DIVING NEWS

Scapa skipper ordered to pay £290,000

Lex, Debbie and Vincent Warner.

In a landmark legal action likely to have serious ramifications for dive-charter businesses, the nine-year-old son of Lex Warner, the technical diver who died in Scotland in August 2012 following an injurious fall on a boat-deck, has been awarded £290,000 in compensation.

A judge at the Court of Session in Edinburgh finally ruled yesterday (3 September) that Andy Cuthbertson, proprietor of Orkney-based Scapa Flow Charters, had done too little to minimise risks to divers moving around his dive-boat Jean Elaine while wearing fins.

When an earlier legal action for negligence brought by Warner’s widow Debbie was time-barred, the UK Supreme Court ruled three years ago that she could bring the £500,000 suit again as guardian of the couple’s son Vincent, then aged six, as reported in 2018 on Divernet.

The case was heard by Lord Sandison this July after delays caused by the Covid pandemic. He had then decided to take additional time to consider before announcing his verdict.

Warner, 50, was an experienced technical diver and instructor from Sutton Coldfield who worked as an industrial cleaning contractor. He was part of the Dark Star dive group, which had chartered the Jean Elaine for a week’s wreck-diving at Cape Wrath off Sutherland.

He was moving kitted-up with his rebreather and bail-out stages from his seat to enter the water when he fell and sustained what later turned out to be a serious liver injury.

After other instructors had lifted him up he had insisted that he was OK to dive and the go-ahead was given for him to enter the water for the 88m dive. However, at depth he began to feel unwell and tried to return to the surface.

Analysis of Warner’s dive-computer showed that he had reached his maximum depth after 9min 20sec and started ascending at around 7m a minute, reaching two other divers who reported that he seemed distressed.

He had stopped breathing by the time he was brought back to the Jean Elaine, and resuscitation attempts failed. The inquest into his death at Birmingham Coroner’s Court in 2014 returned a verdict of accidental death caused by drowning, combined with traumatic liver injury.

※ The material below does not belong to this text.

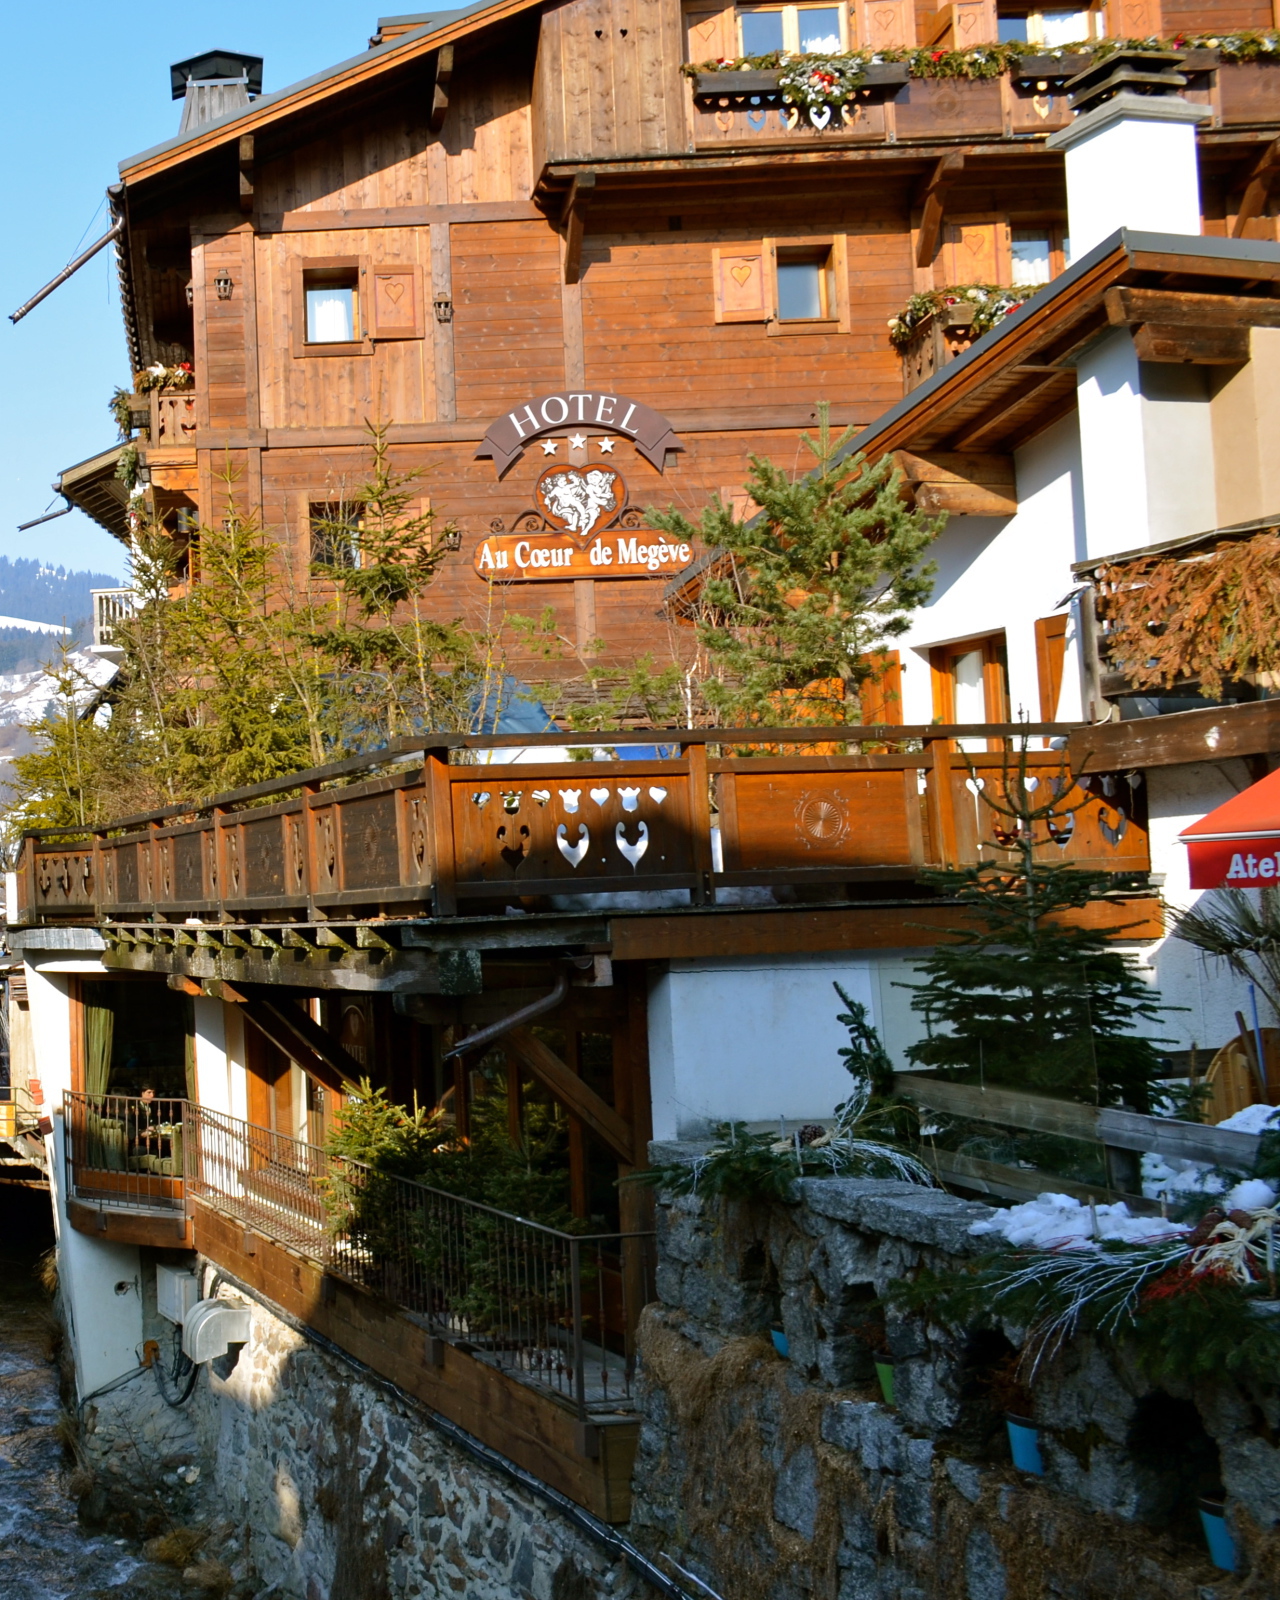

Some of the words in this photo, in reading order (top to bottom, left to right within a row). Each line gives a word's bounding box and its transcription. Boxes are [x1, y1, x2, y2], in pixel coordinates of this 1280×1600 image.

The Marine Accidents Investigation Branch (MAIB) had stated at the inquest that there had been no evidence of a formal risk-assessment being carried out for a kitted-up diver moving between seat and entry-point. Cuthbertson said at the time that he was satisfied with safety measures on his boat, and felt that nothing could have been done differently.

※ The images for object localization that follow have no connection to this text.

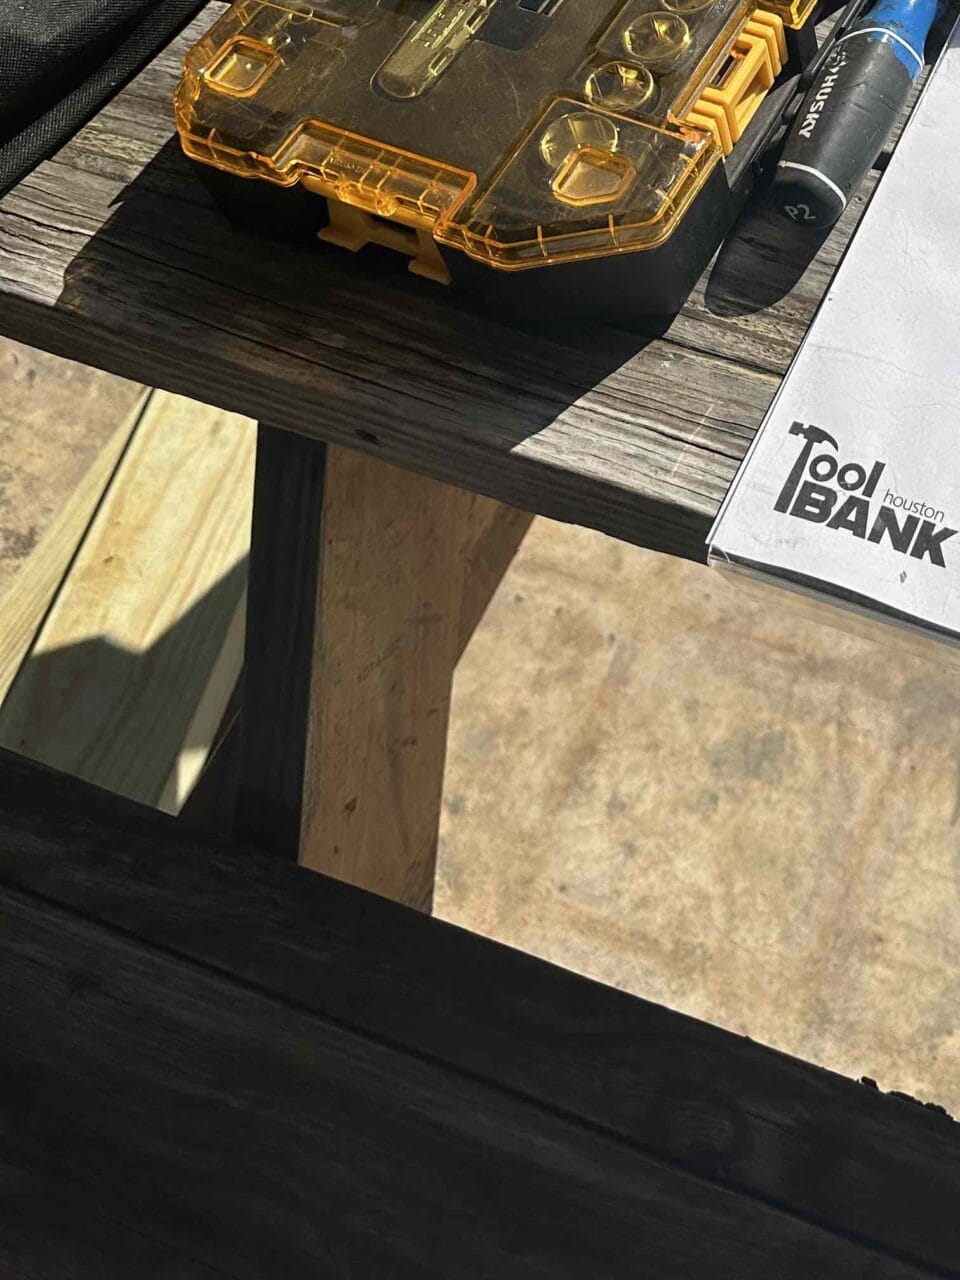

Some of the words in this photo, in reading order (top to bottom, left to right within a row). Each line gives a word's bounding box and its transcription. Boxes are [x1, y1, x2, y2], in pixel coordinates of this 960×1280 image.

[798, 73, 839, 139] HUSKY
[784, 204, 816, 220] P2
[773, 420, 887, 514] Tool
[789, 479, 959, 568] BANK
[882, 488, 945, 522] houston

The MAIB inspector had also stated that Warner’s injury was so severe that his condition would have reached emergency level even had he not dived.

This July the family’s claim that Scapa Flow Charters had failed to take reasonable care for Warner’s safety was countered by the operator’s insistence that after sustaining his injury he had elected to carry on with the dive. Once kitted up and wearing fins, it maintained, Warner had a duty to walk across the deck carefully.

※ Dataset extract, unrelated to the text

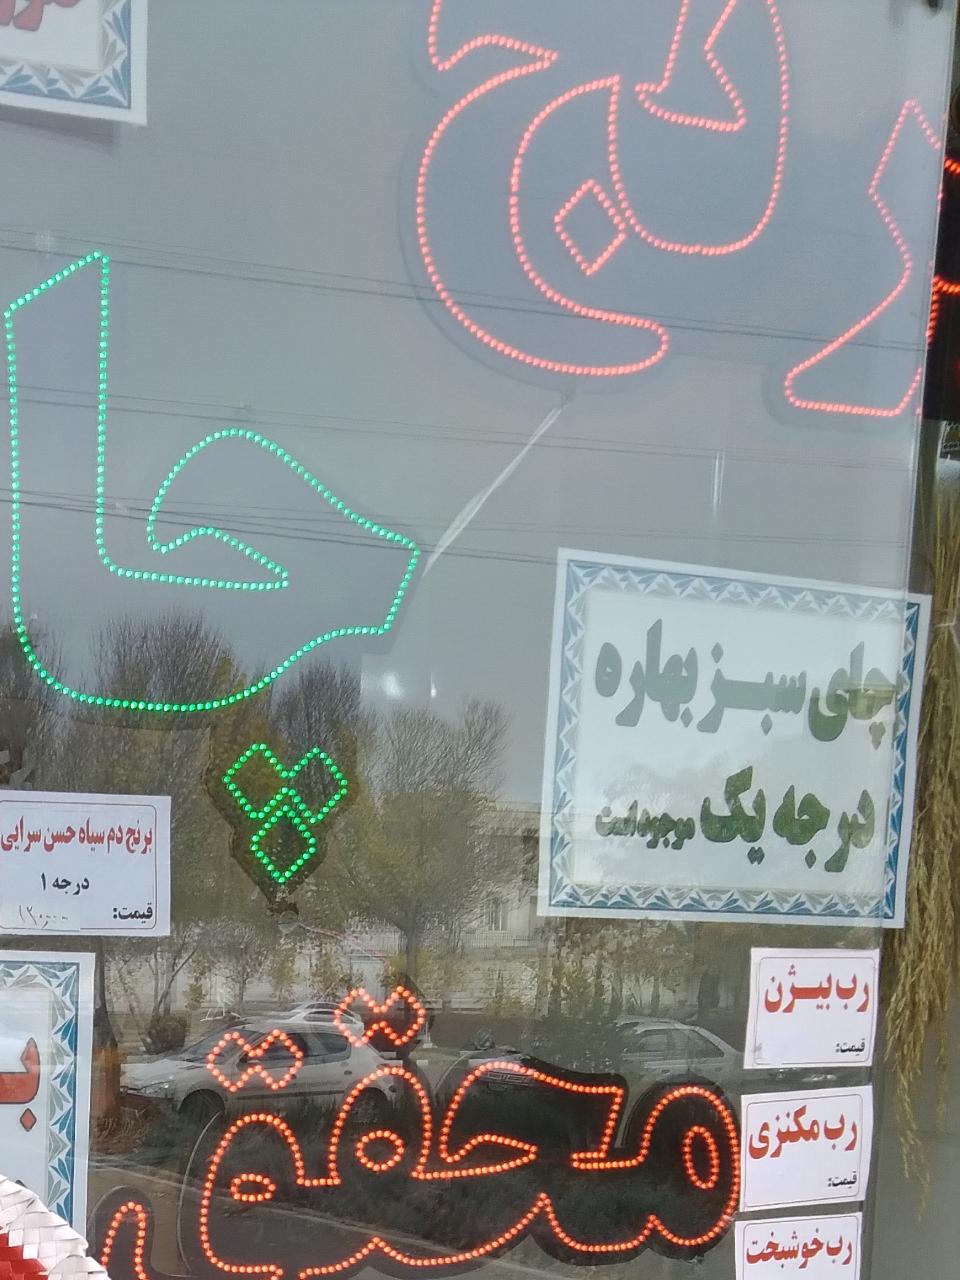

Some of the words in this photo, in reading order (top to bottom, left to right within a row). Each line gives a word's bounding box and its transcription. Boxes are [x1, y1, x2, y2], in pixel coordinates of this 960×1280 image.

In Lord Sandison’s written judgment, he agreed with the family’s contention that the most likely cause of Warner’s decision to ascend rapidly was pain. He said that the diver had died because while at 80m he became aware of pain as a consequence of the “intra-abdominal haemorrhage suffered as a result of his fall on deck”.

The “anxious and ultimately panicked” state in which he had started the ascent had affected Warner’s breathing, stated Lord Sandison: “He became unconscious or otherwise unable to retain his breathing mouthpiece, which fell out of his mouth, causing him to drown.

“The injury suffered by him in the fall materially contributed to the sequence of events leading to his death.”

He concluded that Cuthbertson had been guilty of fault and neglect “in that he failed to recognise that the system of dive preparation he had set up or allowed to develop permitted or even encouraged divers to walk on deck in fins, and that that was an inherently risky activity.” He should have considered putting in place mechanisms to eliminate such a risk or “at least bring it under close control”, stated the judge.

4 September 2021

Referring to earlier MAIB reports of other such falls on decks by technical divers, he said that the risk that such a fall could cause injury was already well-recognised in 2012 and should have been appreciated, “given that it would involve a diver laden with heavy and solid equipment coming into contact, quite possibly uncontrolled and hard contact, with an unyielding surface (be that the deck, the boat’s superstructure, or the equipment itself) without the benefit of any protective garb”.

A system “for the promotion of safer fin practices” could have been applied where necessary without a “single and inflexible system of operation” needing to be implemented on every trip regardless of individual circumstances, said the judge.

Had such a system been in place, he considered that Warner would not have fallen or, if he had, would not have sustained such a serious injury, because the force could have been broken by him “holding onto a handrail or being supported by the deckhand”.